---------- Listed entries

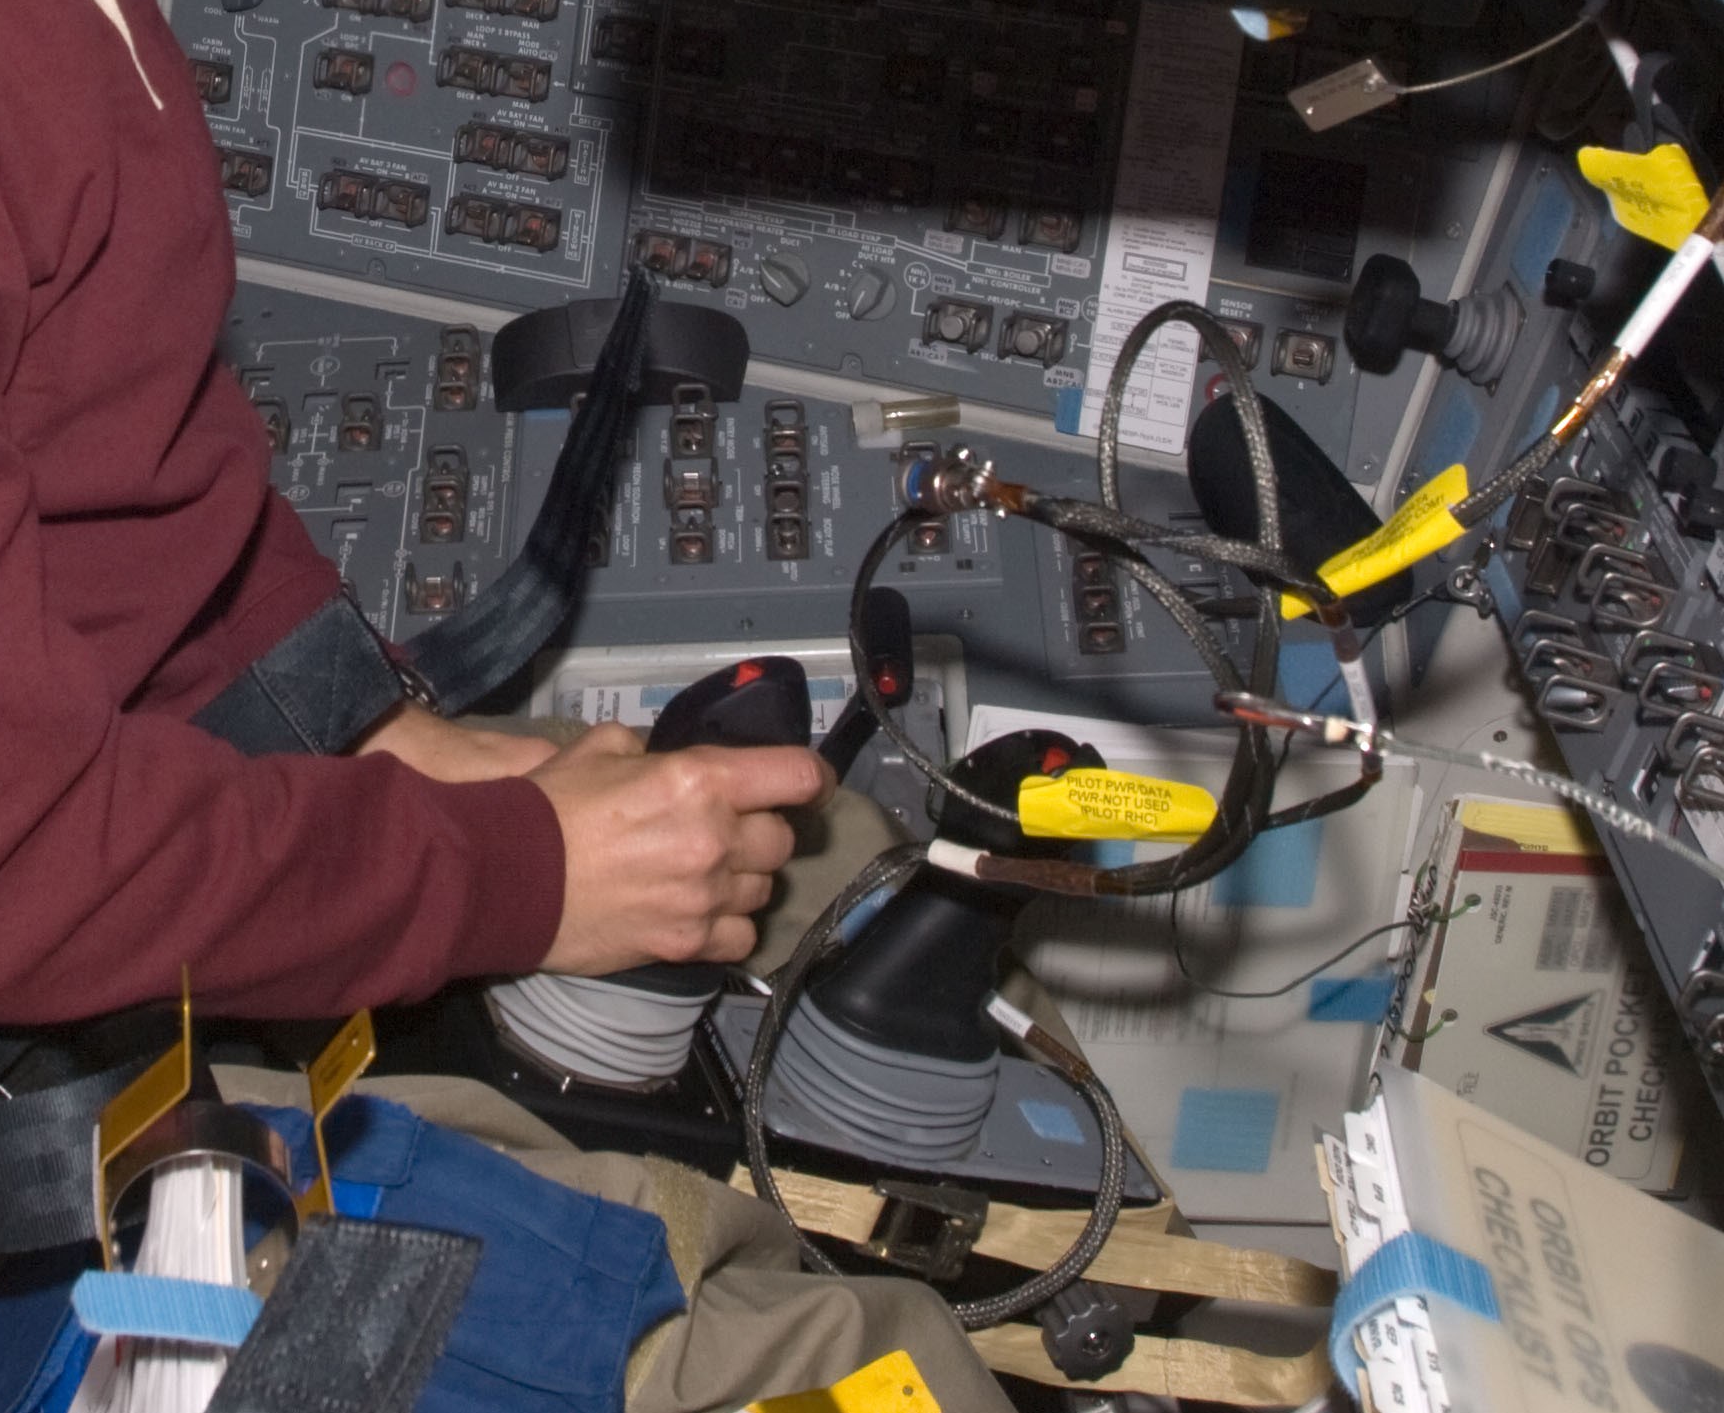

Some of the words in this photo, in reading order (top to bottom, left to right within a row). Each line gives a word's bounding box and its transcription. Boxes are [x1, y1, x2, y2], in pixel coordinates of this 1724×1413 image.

[203, 6, 223, 16] COOL
[521, 21, 540, 31] MAN
[466, 31, 485, 41] MAN
[475, 25, 496, 35] LOOP
[504, 29, 531, 40] BYPASS
[202, 37, 223, 47] CABIN
[518, 40, 540, 50] MODE
[192, 43, 210, 53] TEMP
[518, 48, 539, 57] AUTO
[511, 101, 531, 111] MAN
[497, 109, 507, 117] AV
[507, 111, 523, 120] BAY
[529, 114, 545, 124] FAN
[210, 122, 232, 134] CABIN
[232, 126, 247, 136] FAN
[513, 120, 526, 129] ON
[220, 139, 233, 148] ON
[375, 167, 389, 176] ON
[392, 162, 408, 172] FAN
[505, 173, 521, 182] OFF
[487, 180, 498, 188] AV
[520, 186, 537, 196] FAN
[505, 191, 518, 200] ON
[368, 220, 384, 229] OFF
[680, 227, 702, 237] AUTO
[756, 224, 785, 236] HEATER
[827, 227, 837, 235] HI
[837, 228, 860, 239] LOAD
[860, 233, 882, 243] EVAP
[780, 237, 800, 248] DUCT
[497, 244, 513, 254] OFF
[861, 244, 872, 253] HI
[871, 246, 894, 257] LOAD
[1001, 244, 1023, 255] MAN
[857, 251, 879, 262] DUCT
[739, 266, 754, 276] A/B
[1003, 270, 1032, 282] BOILER
[672, 281, 694, 292] AUTO
[990, 279, 1042, 295] CONTROLLER
[750, 294, 766, 304] OFF
[1220, 298, 1254, 311] SENSOR
[835, 311, 851, 321] OFF
[1219, 307, 1244, 319] RESET
[1305, 323, 1314, 331] A
[1066, 775, 1103, 790] PILOT
[1104, 779, 1173, 799] PWR/DATA
[1068, 789, 1131, 808] PWR-NOT
[1133, 798, 1171, 814] USED
[1124, 809, 1158, 826] RHC)
[1584, 1083, 1625, 1168] ORBIT
[1474, 1165, 1564, 1394] CHECKLIST
[1528, 1197, 1595, 1323] ORBIT
[1563, 1322, 1620, 1413] OPS

--------------------

No picture is to appear in the copy; every entry above is otherwise to be printed verbatim.

» Result:
Some of the words in this photo, in reading order (top to bottom, left to right within a row). Each line gives a word's bounding box and its transcription. Boxes are [x1, y1, x2, y2], in pixel coordinates of this 1724×1413 image.

[203, 6, 223, 16] COOL
[521, 21, 540, 31] MAN
[466, 31, 485, 41] MAN
[475, 25, 496, 35] LOOP
[504, 29, 531, 40] BYPASS
[202, 37, 223, 47] CABIN
[518, 40, 540, 50] MODE
[192, 43, 210, 53] TEMP
[518, 48, 539, 57] AUTO
[511, 101, 531, 111] MAN
[497, 109, 507, 117] AV
[507, 111, 523, 120] BAY
[529, 114, 545, 124] FAN
[210, 122, 232, 134] CABIN
[232, 126, 247, 136] FAN
[513, 120, 526, 129] ON
[220, 139, 233, 148] ON
[375, 167, 389, 176] ON
[392, 162, 408, 172] FAN
[505, 173, 521, 182] OFF
[487, 180, 498, 188] AV
[520, 186, 537, 196] FAN
[505, 191, 518, 200] ON
[368, 220, 384, 229] OFF
[680, 227, 702, 237] AUTO
[756, 224, 785, 236] HEATER
[827, 227, 837, 235] HI
[837, 228, 860, 239] LOAD
[860, 233, 882, 243] EVAP
[780, 237, 800, 248] DUCT
[497, 244, 513, 254] OFF
[861, 244, 872, 253] HI
[871, 246, 894, 257] LOAD
[1001, 244, 1023, 255] MAN
[857, 251, 879, 262] DUCT
[739, 266, 754, 276] A/B
[1003, 270, 1032, 282] BOILER
[672, 281, 694, 292] AUTO
[990, 279, 1042, 295] CONTROLLER
[750, 294, 766, 304] OFF
[1220, 298, 1254, 311] SENSOR
[835, 311, 851, 321] OFF
[1219, 307, 1244, 319] RESET
[1305, 323, 1314, 331] A
[1066, 775, 1103, 790] PILOT
[1104, 779, 1173, 799] PWR/DATA
[1068, 789, 1131, 808] PWR-NOT
[1133, 798, 1171, 814] USED
[1124, 809, 1158, 826] RHC)
[1584, 1083, 1625, 1168] ORBIT
[1474, 1165, 1564, 1394] CHECKLIST
[1528, 1197, 1595, 1323] ORBIT
[1563, 1322, 1620, 1413] OPS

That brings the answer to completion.